5. Le cadre réglementaire (France)
La récupération et l'usage de l'eau de pluie sont encadrés. Depuis le 1ᵉʳ septembre 2024, c'est le décret et l'arrêté du 12 juillet 2024 (relatifs aux eaux impropres à la consommation humaine) qui s'appliquent, en remplacement de l'arrêté du 21 août 2008. Les grands principes :
- Usages extérieurs : arrosage des espaces verts, lavage des extérieurs et des véhicules.
- Usages intérieurs autorisés : chasse des WC, lavage des sols, et lavage du linge (désormais clarifié, sous réserve d'un traitement adapté).
- Réseau séparé et repéré : canalisations distinctes, signalisation « eau non potable », et protection anti-retour excluant toute interconnexion avec le réseau d'eau potable.
- Déclaration en mairie pour un usage intérieur raccordé à l'assainissement collectif ; démarche complémentaire pour certains usages (lave-linge).
⚠️ Information datée — à vérifier
La réglementation évolue : ces repères sont à jour de juin 2026 (cadre de l'arrêté du 12 juillet 2024). Avant tout projet, vérifiez les textes en vigueur (Légifrance, ARS, mairie) et, en Belgique, les règles régionales — la citerne d'eau de pluie y est souvent obligatoire pour les constructions neuves.
6. Les bonnes pratiques d'installation
- Aucune interconnexion avec le réseau potable : disconnexion totale, remplissage d'appoint par surverse avec garde d'air si nécessaire.
- Repérage clair des canalisations et des points de puisage « eau non potable ».
- Entretien régulier : nettoyage des préfiltres et gouttières, remplacement des cartouches, contrôle de la lampe UV, vérification de la cuve.

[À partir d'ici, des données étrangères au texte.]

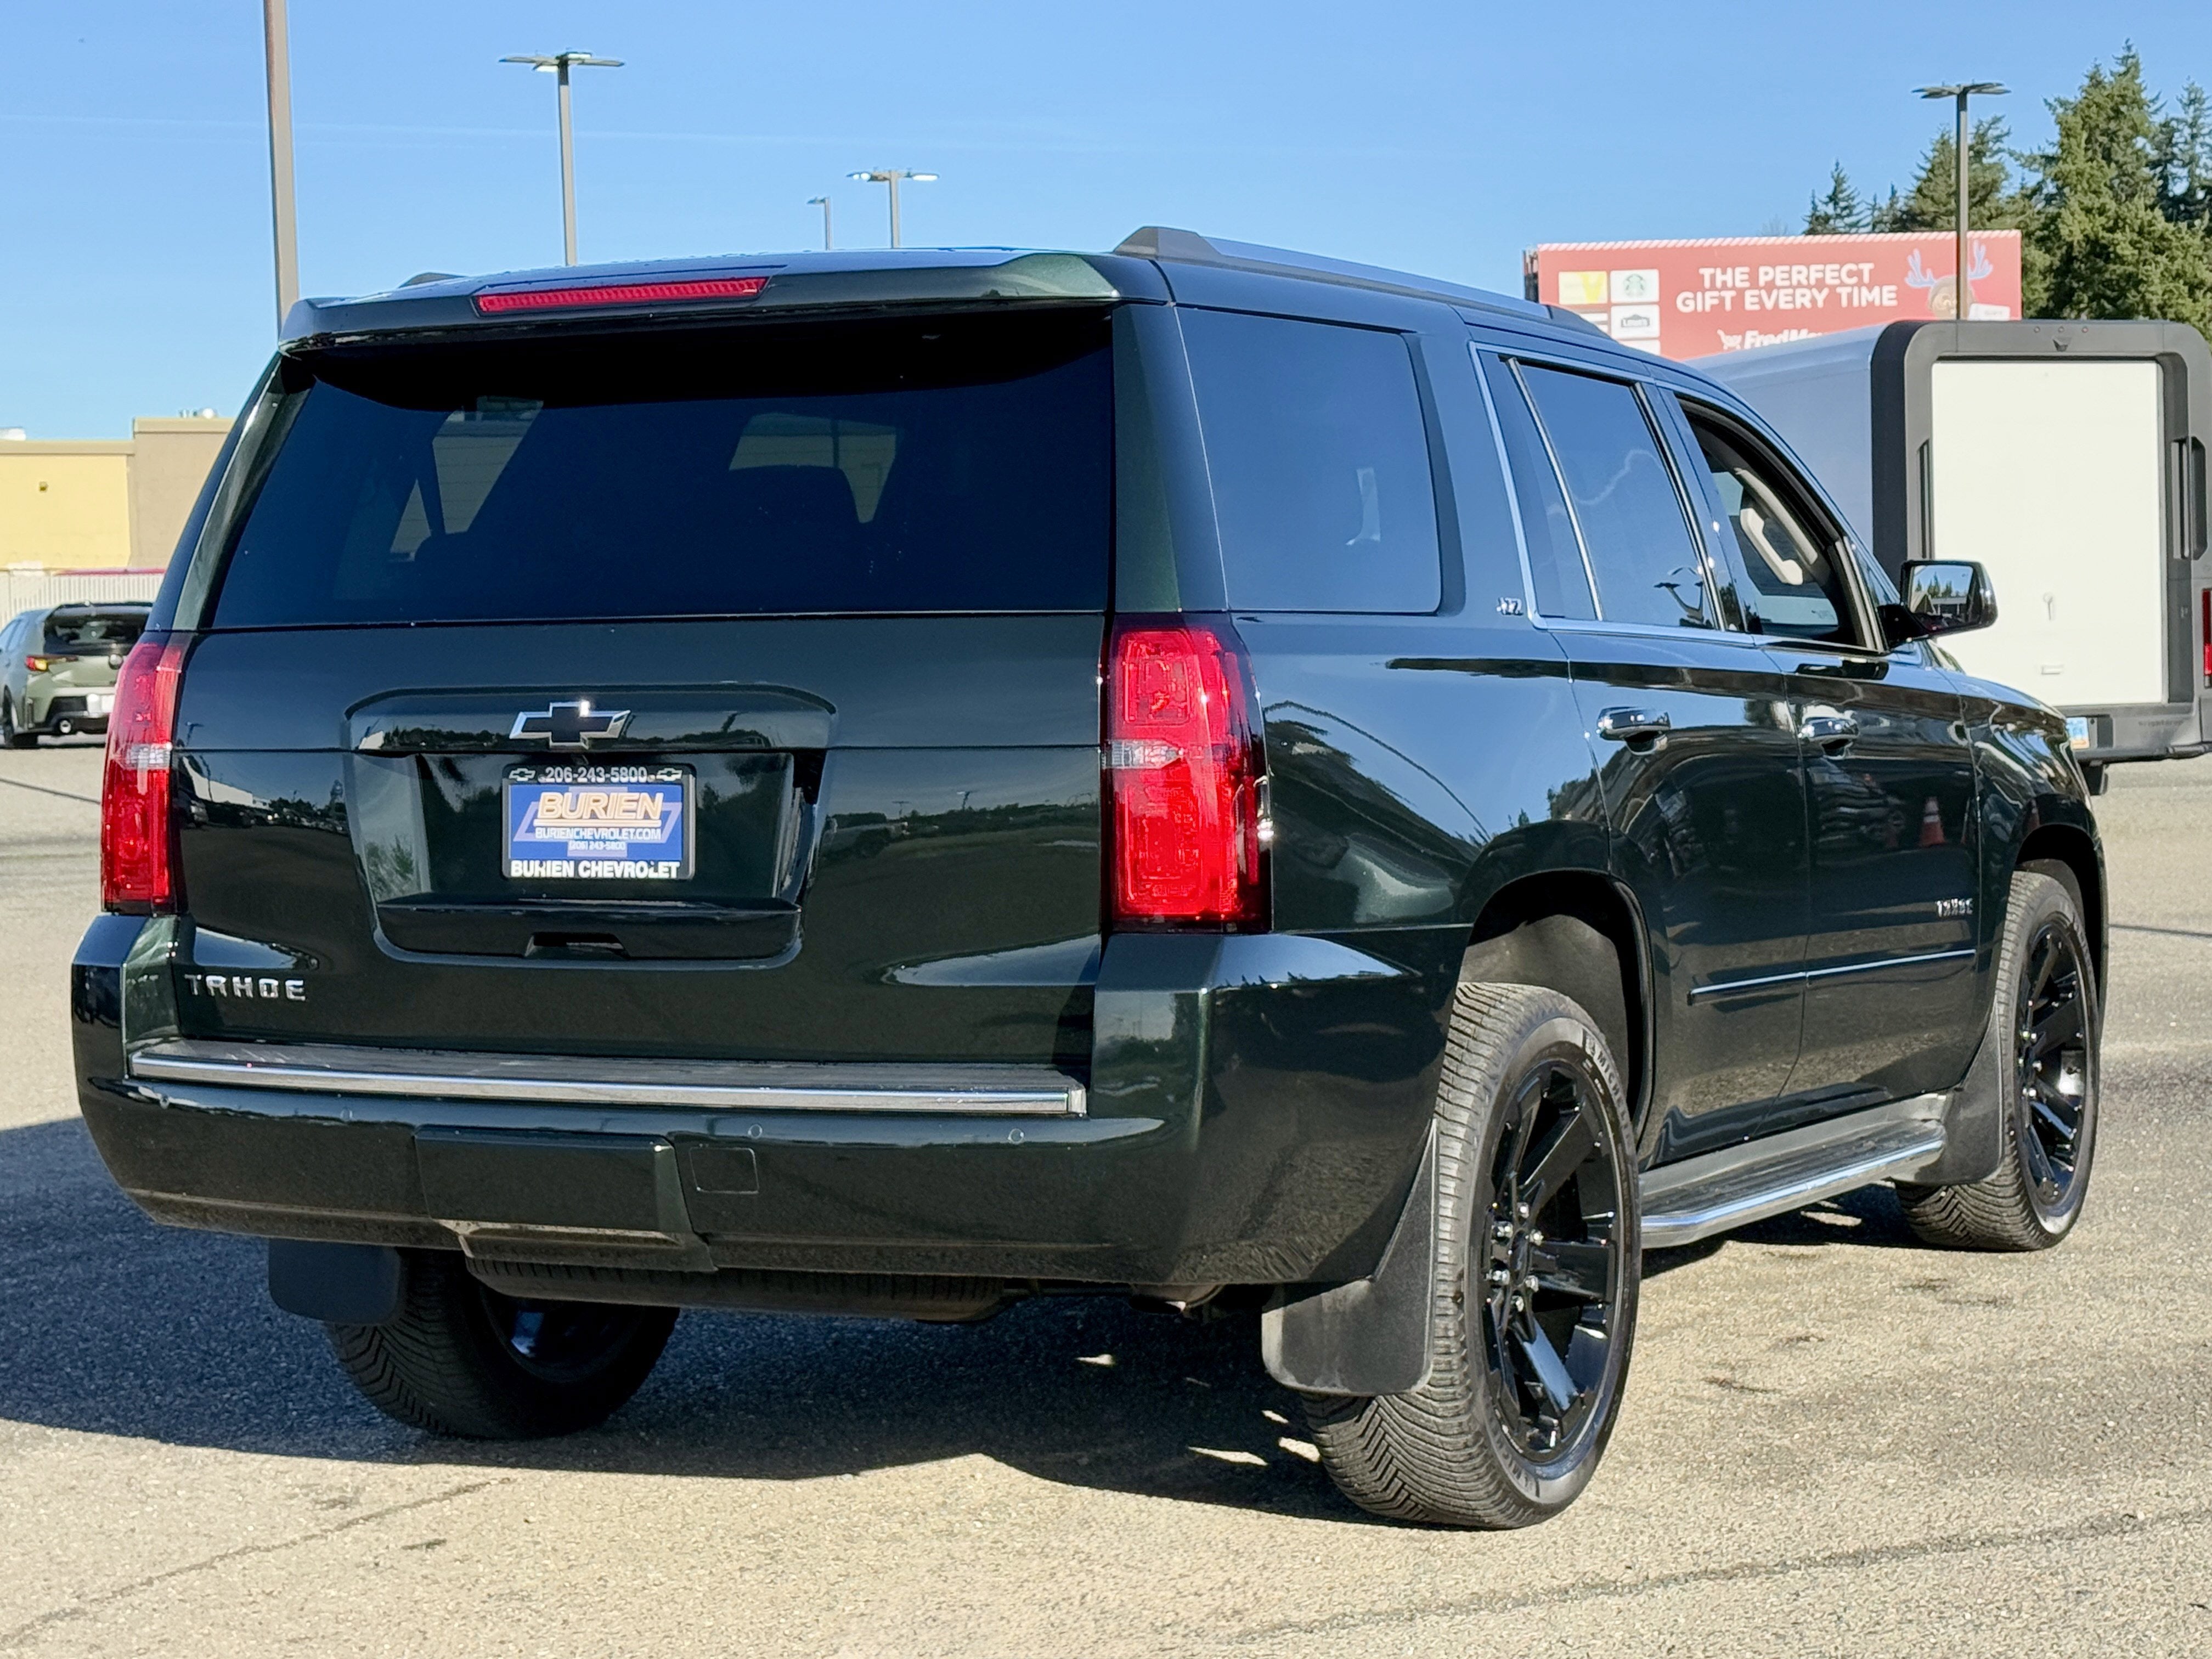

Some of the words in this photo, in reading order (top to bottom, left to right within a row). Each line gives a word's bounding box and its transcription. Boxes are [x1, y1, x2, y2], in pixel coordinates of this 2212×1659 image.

[1699, 266, 1751, 289] THE
[1758, 262, 1875, 287] PERFECT
[1676, 290, 1737, 313] GIFT
[1744, 287, 1830, 311] EVERY
[1836, 285, 1898, 308] TIME
[545, 766, 648, 783] 206-243-5800
[537, 792, 664, 820] BURIEN
[535, 827, 661, 840] BURIENCHEVROLET.COM
[511, 860, 574, 878] BURIEN
[578, 860, 681, 878] CHEVROLET
[184, 974, 306, 1001] TAHOE

- Matériaux de toiture adaptés : éviter l'amiante-ciment et le plomb pour les usages réglementés.
🔗 Solutions DIMM — Eau de pluie
- Préfiltres & filtration sédiment (< 10 µm) pour clarifier et protéger les appareils.
- Stérilisateurs UV pour la sécurité microbiologique des usages intérieurs.
- Charbon actif & conseil pour traiter goûts/odeurs et dimensionner la chaîne selon l'usage.
7. À qui s'adresse la récupération d'eau de pluie ?
Particuliers & installateurs
Maisons avec jardin, projets de construction ou de rénovation : la récupération couvre l'arrosage et les WC avec un traitement simple, et s'étend au linge avec une filtration fine et un UV.
Collectivités, tertiaire & industrie
Bâtiments à grande toiture, espaces verts, nettoyage : les volumes récupérables sont importants et l'intérêt économique et environnemental d'autant plus net, dans le respect des règles propres aux établissements concernés.
Conclusion : une ressource précieuse, à traiter juste
Bien pensée, la récupération d'eau de pluie est un geste à la fois économique et écologique. La clé tient en deux mots : circuit propre (préfiltration, cuve adaptée, réseau séparé) et traitement proportionné à l'usage (filtration fine et UV pour l'intérieur). Le tout dans le respect d'une réglementation qui a évolué en 2024 — et qu'il faut toujours vérifier avant de se lancer.
Les équipes de DIMM accompagnent les installateurs, distributeurs et revendeurs partenaires dans le choix des préfiltres, filtres, stérilisateurs UV et solutions de traitement de l'eau de pluie, en France et en Belgique.
Repères & références (à jour juin 2026, sous réserve d'évolution)
- Une large part des usages domestiques (chasse WC, arrosage, lavage…) ne nécessite pas d'eau potable.
- Eau de pluie naturellement douce et acide (pH ≈ 4,5–5,5) ; une cuve béton tend à remonter le pH.
- Traitement par usage : préfiltration (extérieur) ; filtration < 10 µm (WC, sols) ; + UV (lave-linge) ; + charbon actif si goûts/polluants.
- France : décret et arrêté du 12 juillet 2024 (en vigueur au 1ᵉʳ septembre 2024), remplaçant l'arrêté du 21 août 2008 ; usages autorisés (WC, sols, linge, extérieurs), réseau séparé repéré, déclaration en mairie.
- L'eau de pluie n'est pas destinée à la consommation humaine (boisson, cuisine, hygiène).
- Belgique : citerne d'eau de pluie souvent obligatoire en construction neuve (règles régionales à vérifier).